* [What to work on]:
Retype the entries below exactly, and keep every picture out of your version.

[[ Data for this task open ]]

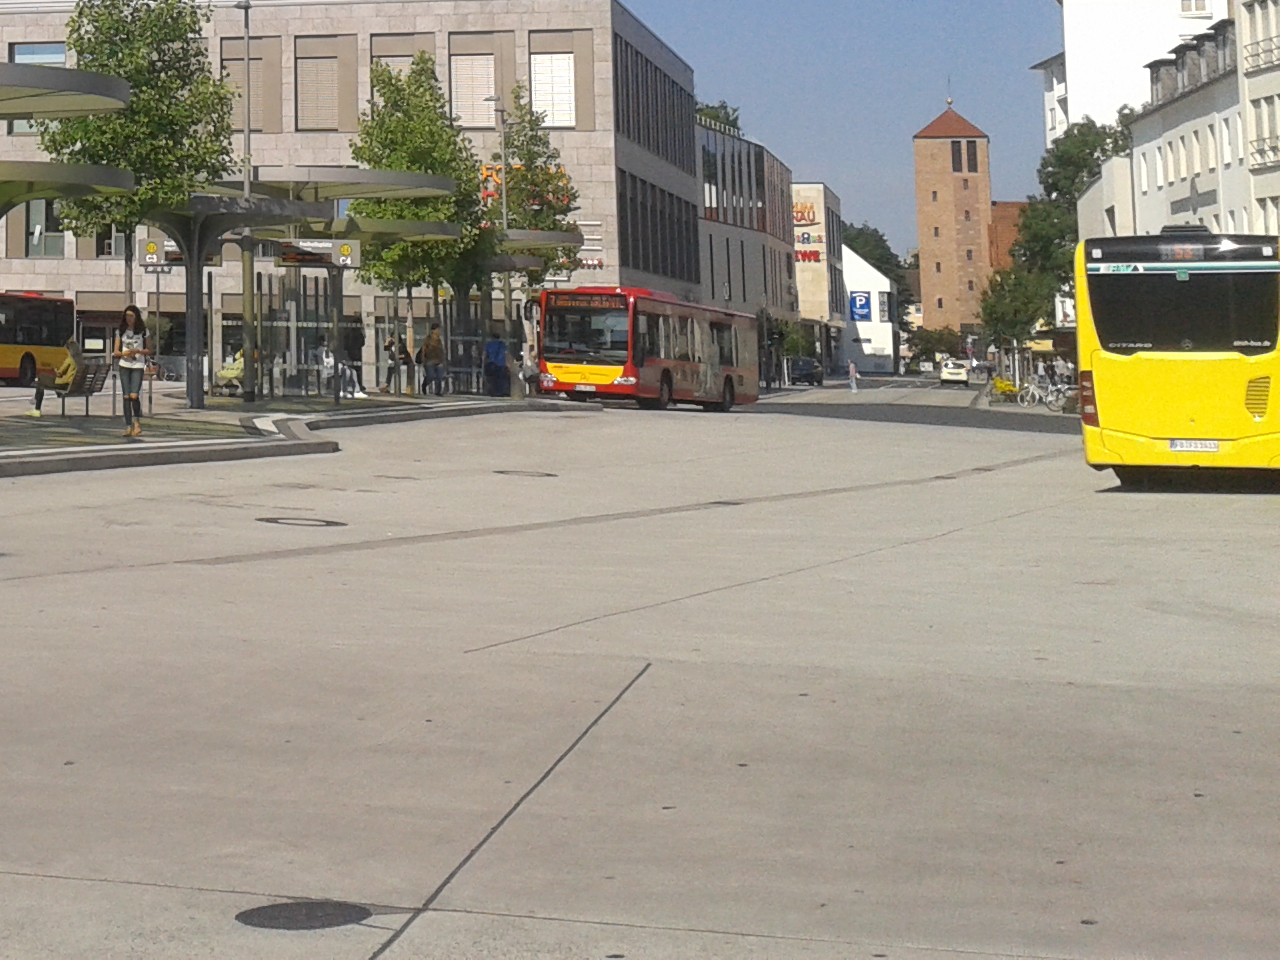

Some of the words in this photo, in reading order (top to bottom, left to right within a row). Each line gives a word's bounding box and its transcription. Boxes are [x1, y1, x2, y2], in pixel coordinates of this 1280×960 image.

[145, 253, 158, 263] C3
[339, 256, 352, 265] C4
[855, 296, 866, 309] P
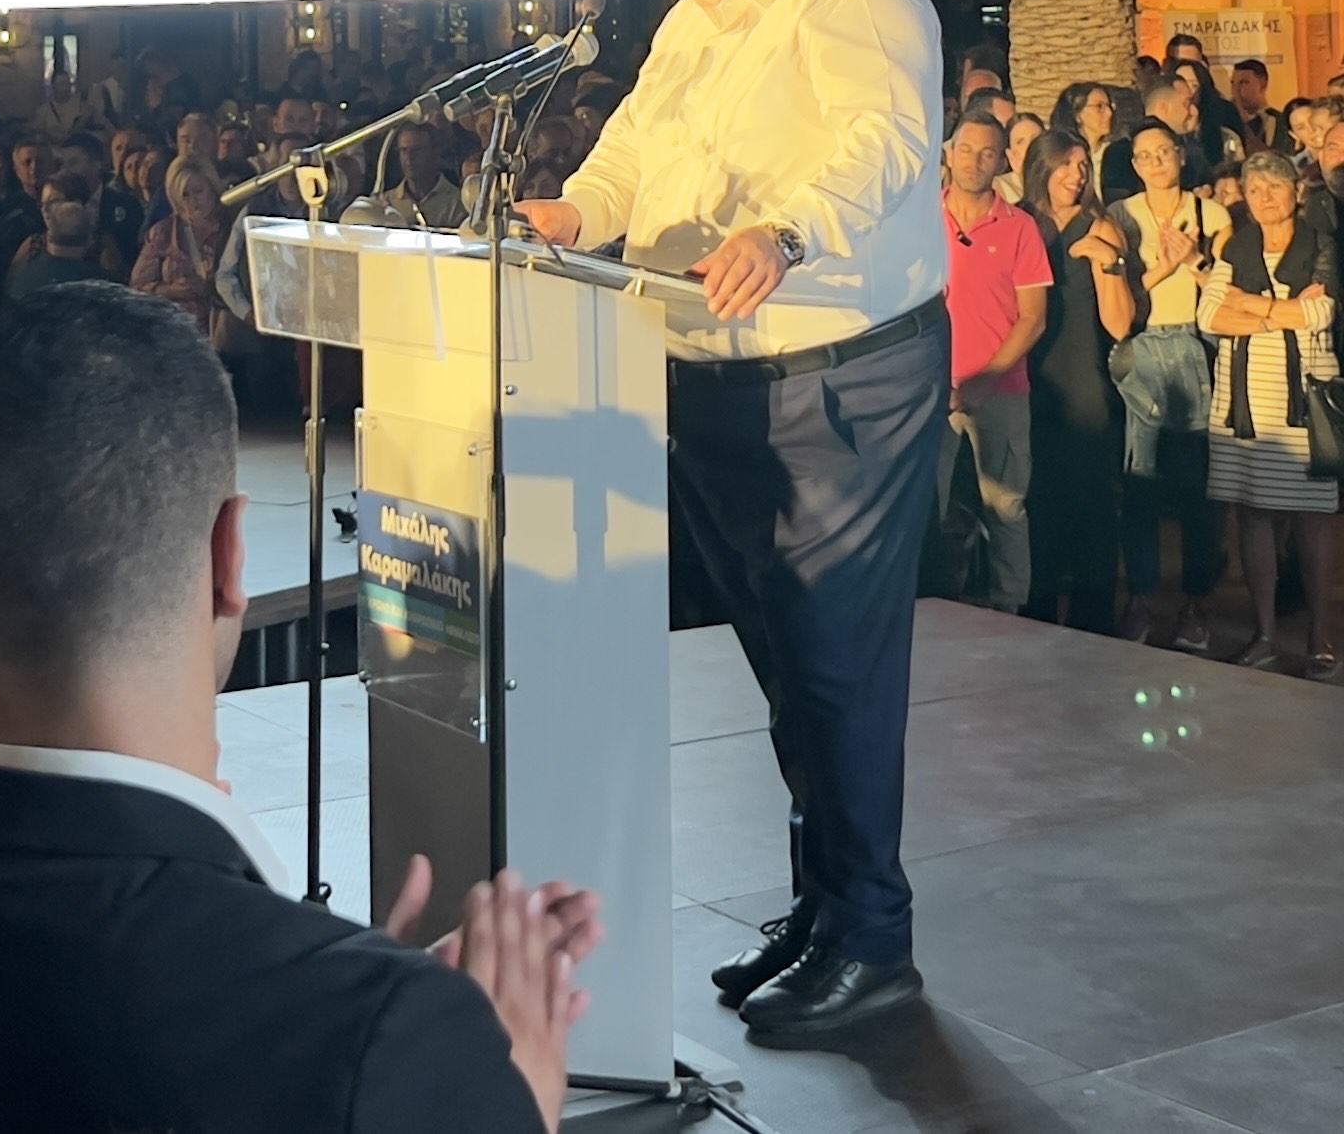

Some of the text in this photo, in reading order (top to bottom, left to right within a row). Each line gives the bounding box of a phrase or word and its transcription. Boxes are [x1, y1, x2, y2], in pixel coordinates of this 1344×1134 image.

[1173, 18, 1281, 34] ΣΜΑΡΑΓΔΑΚΗΣ
[381, 505, 450, 557] Μιχάλης
[361, 544, 472, 609] Καραμαλάκης

[[ Data for this task closed ]]

* [Answer space]:
Some of the words in this photo, in reading order (top to bottom, left to right within a row). Each line gives a word's bounding box and its transcription. Boxes are [x1, y1, x2, y2], in pixel coordinates of this 1280×960 image.

[145, 253, 158, 263] C3
[339, 256, 352, 265] C4
[855, 296, 866, 309] P

Some of the text in this photo, in reading order (top to bottom, left to right within a row). Each line gives the bounding box of a phrase or word and its transcription. Boxes are [x1, y1, x2, y2], in pixel coordinates of this 1344×1134 image.

[1173, 18, 1281, 34] ΣΜΑΡΑΓΔΑΚΗΣ
[381, 505, 450, 557] Μιχάλης
[361, 544, 472, 609] Καραμαλάκης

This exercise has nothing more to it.